What is an Epidural?
An epidural is a steroid injection prescribed to patients experiencing symptoms of low back pain and neck pain. Epidurals may also be referred to as a back pain injection, a spinal injection for back pain, or a cervical injection.
The low dose of steroid, which acts as an anti-inflammatory, is injected directly into the space outside the fluid sac that surrounds your spinal cord. Known as the epidural space, inflammation of this area often results in pain caused by irritation to spinal nerves.
An epidural injection is not suitable for everyone; a complete evaluation by our certified healthcare professionals, known as pain specialists, can help determine if your symptoms of back, neck, arm, or leg pain are best treated with this integrative approach.
Common Symptoms We See in Our Patients
Patients with neck and lower back pain often experience the following symptoms:
- Radiating pain that shoots down the arms and feet all the way to the fingers and toes
- Inflammation of the nerve ending in the spinal cord
- Decreased mobility
- Muscle spasms
- Changes to mood
What is Causing My Need for an Epidural
Patients experiencing chronic pain that affects their daily routine and overall quality of life may seek out pain management injections such as epidurals.

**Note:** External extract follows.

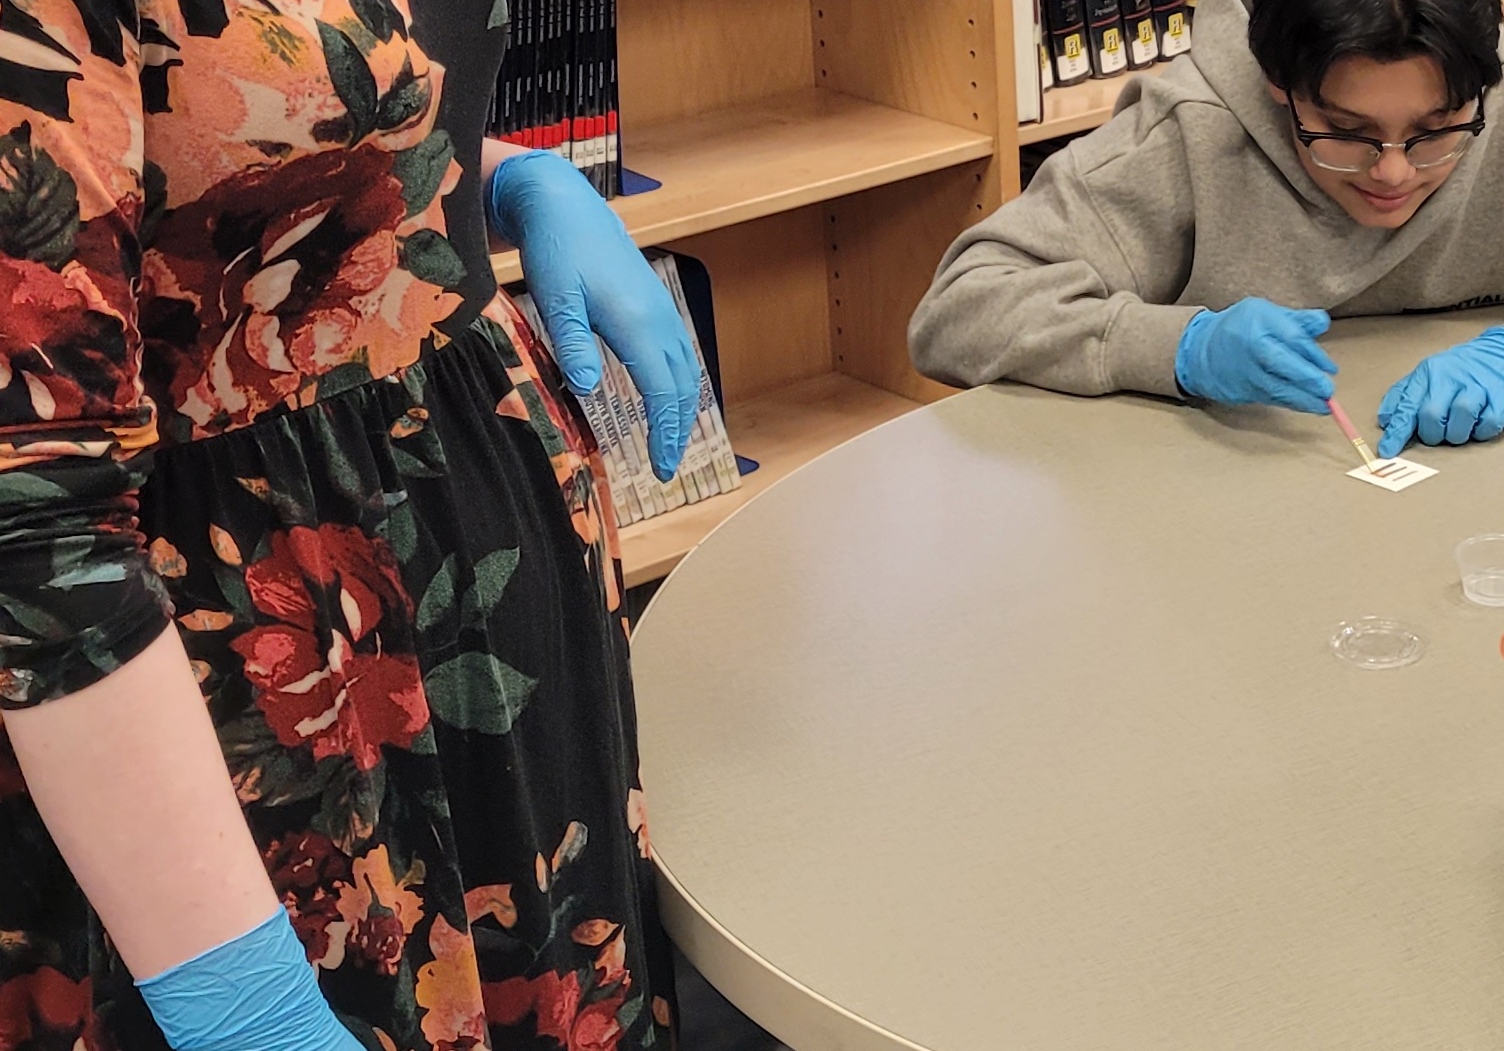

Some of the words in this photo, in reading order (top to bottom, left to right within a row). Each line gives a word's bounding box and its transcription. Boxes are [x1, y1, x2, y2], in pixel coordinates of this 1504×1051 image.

We prescribe epidural injections for spinal, and neck pain after other forms of traditional treatment and medications have not worked. Our pain specialists can help determine if an epidural is right for you and your customized treatment plan with a thorough health evaluation.
How Will You Treat My Pain
Epidural injections are minimally invasive procedures done on an outpatient basis.
Patients lie face down or on their side on a surgical table. The skin surrounding the injection site is cleaned with an anti-bacterial cleanser. A local anesthetic is used to numb the region. We use ultrasound-guided imagery to detect the exact location to inject the low-dose steroid. The cervical or spinal epidural injection is administered.
Some patients may feel a bit of pressure during the injection process. The entire epidural injection procedure lasts less than an hour; after it's complete, we recommend taking it easy for a day or two.
Most patients recommend a change in levels of pain after 2 to 3 days of the procedure. It's important to note that epidural injections are not a long-term solution; pain relief can remain for up to a few months, but in order for it to be effective, physical therapy and other forms of pain management need to be followed.
We customize our treatment plans based on several factors, including patient health history, current levels of pain, and previous forms of treatment.
Our staff of nurse practitioners and board-certified physicians are experts in the field of pain medicine and can answer any concerns you may have regarding pain management.